Conques turned out to be a special place for Robin and I. First of all it is a beautiful village clinging to a hillside. Some might say it is a bit touristy, but so what. The cathedral is there, as is the Abbaye Sainte Foy (where we stayed), and the history of the Chemin runs though it all. If a few tour groups clog the streets does that somehow erase the centuries of pilgrims passing through this town? Everywhere you look there is activity related to the Chemin. Crowds of pilgrims stream into the town at day's end looking for food and lodging. A popular destination is the Abbaye Sainte Foy. They are very organized and processed weary pilgrims quite rapidly. We moved quickly through a queue of about ten and got our room. The boots and poles stayed in the courtyard. All backpacks went into large plastic sacks treated with insecticide to help control bedbugs. The back packs were then allowed in the room. Speaking of bed bugs, we have not had a bite yet. Preventative measures are taken seriously here. As soon as we cleaned up we wandered off into the village in search of wifi. We finally settled into the courtyard of the Hotel St. Foy, and checked email and caught up our blog. Their courtyard is a wonderful place to have a drink and just relax. Dinner was at 7:00 back at the Abbaye so off we went to dine with close to 150
fellow pilgrims. The food was solid pilgrim fare, but the excitement in the room made the difference. So many people were leaving tomorrow to begin what has been a longstanding dream. After dinner we attended the benediction service at the cathedral (8:30) and then stated for the organ concert at 9:30. At this point it was off to bed to rest our weary bodies.

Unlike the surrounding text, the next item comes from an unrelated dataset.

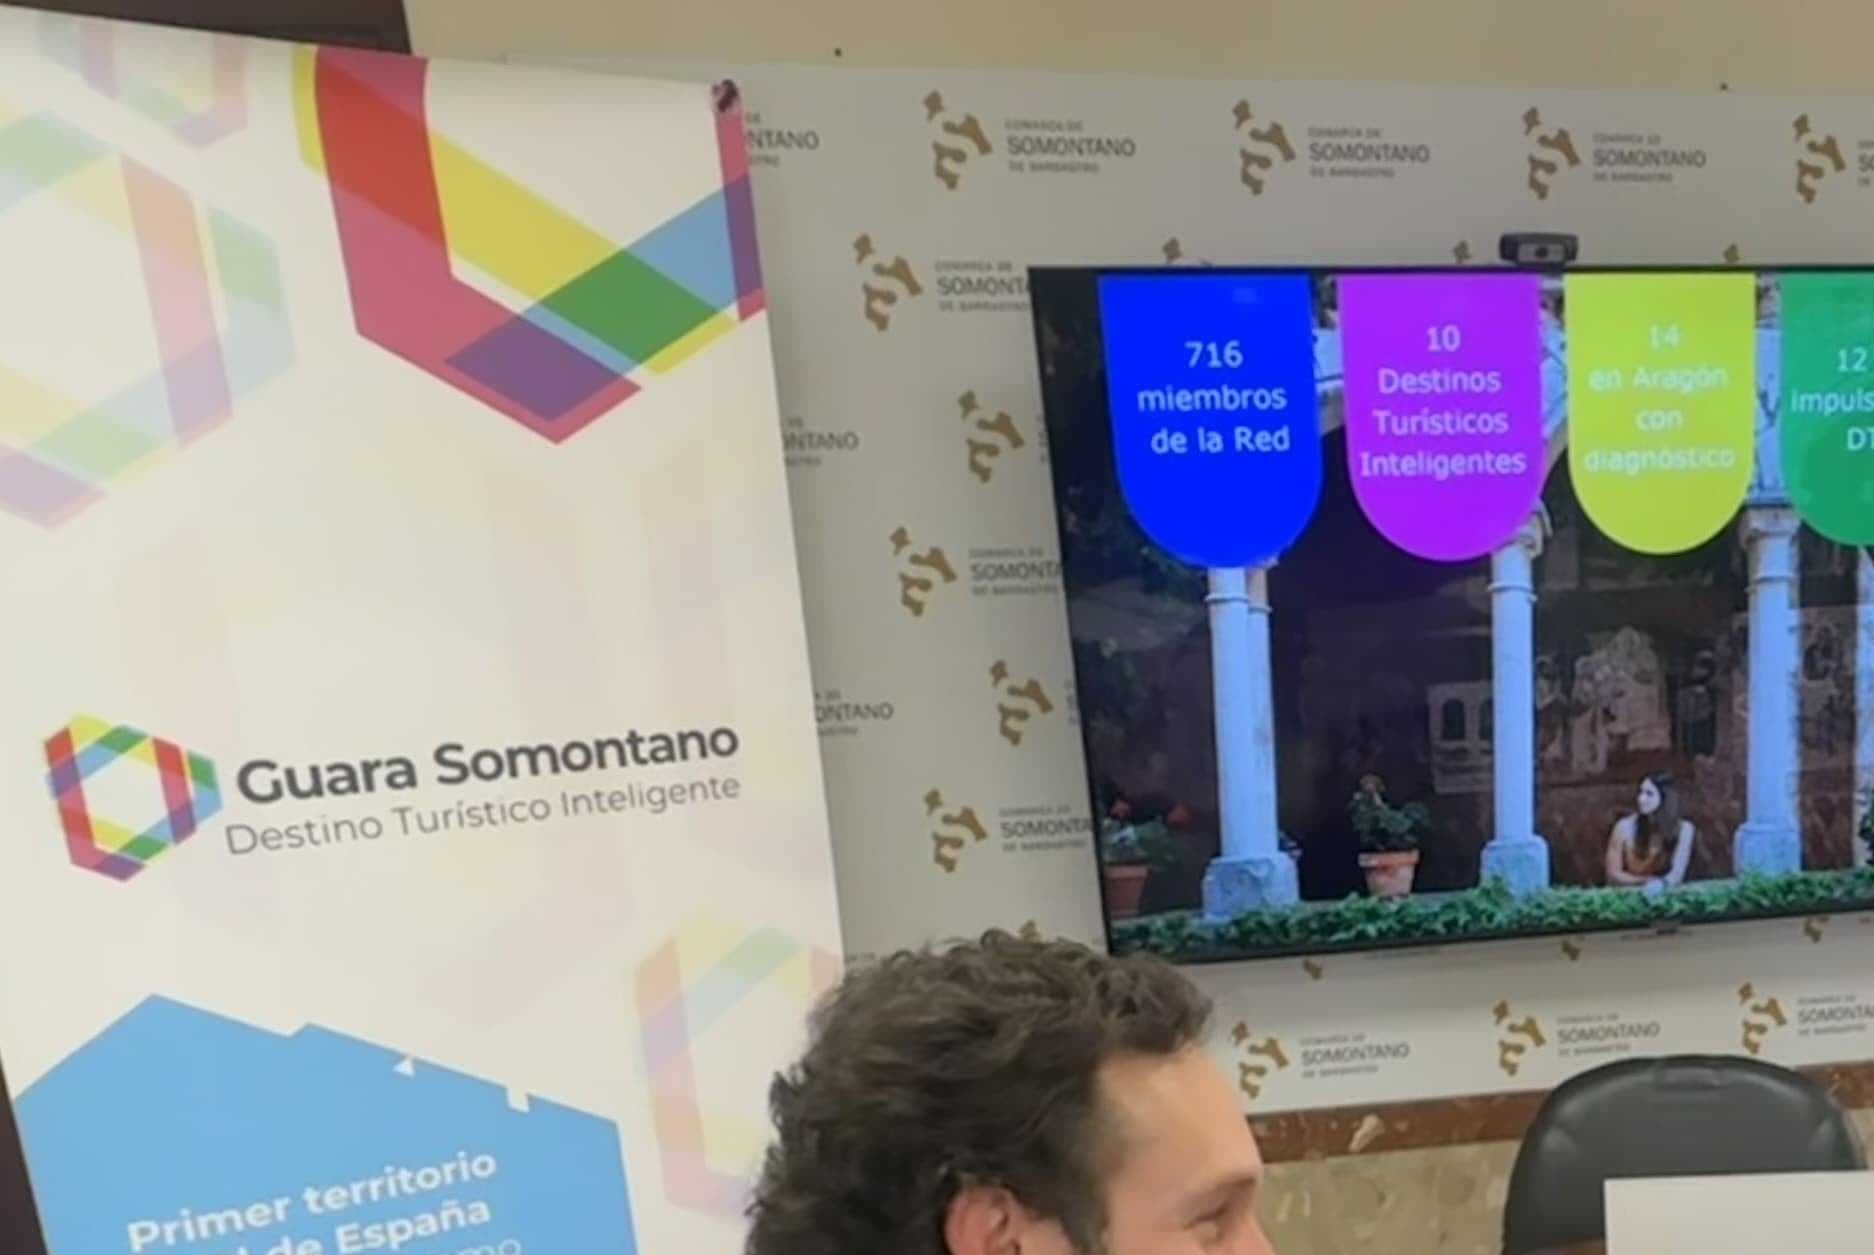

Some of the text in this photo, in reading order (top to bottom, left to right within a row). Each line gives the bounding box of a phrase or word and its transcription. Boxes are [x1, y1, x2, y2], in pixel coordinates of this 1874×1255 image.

|In the refectoire at the Abbaye|
We turned to at 6:00, had breakfast at 7:00 and made morning mass at 8:00. Robin us going on to Figeac where Inwill join her in two days time. We have been encouraged by the reduction in swelling in her leg, so hopefully a few days rest off the Chemin will have her back in shape. Robin walked with me out of Conques to the bridge leading out of town. She posed for a farewell photograph on the Pont Romain, we waived goodbye and I turned my attention to the rising terrain ahead of me.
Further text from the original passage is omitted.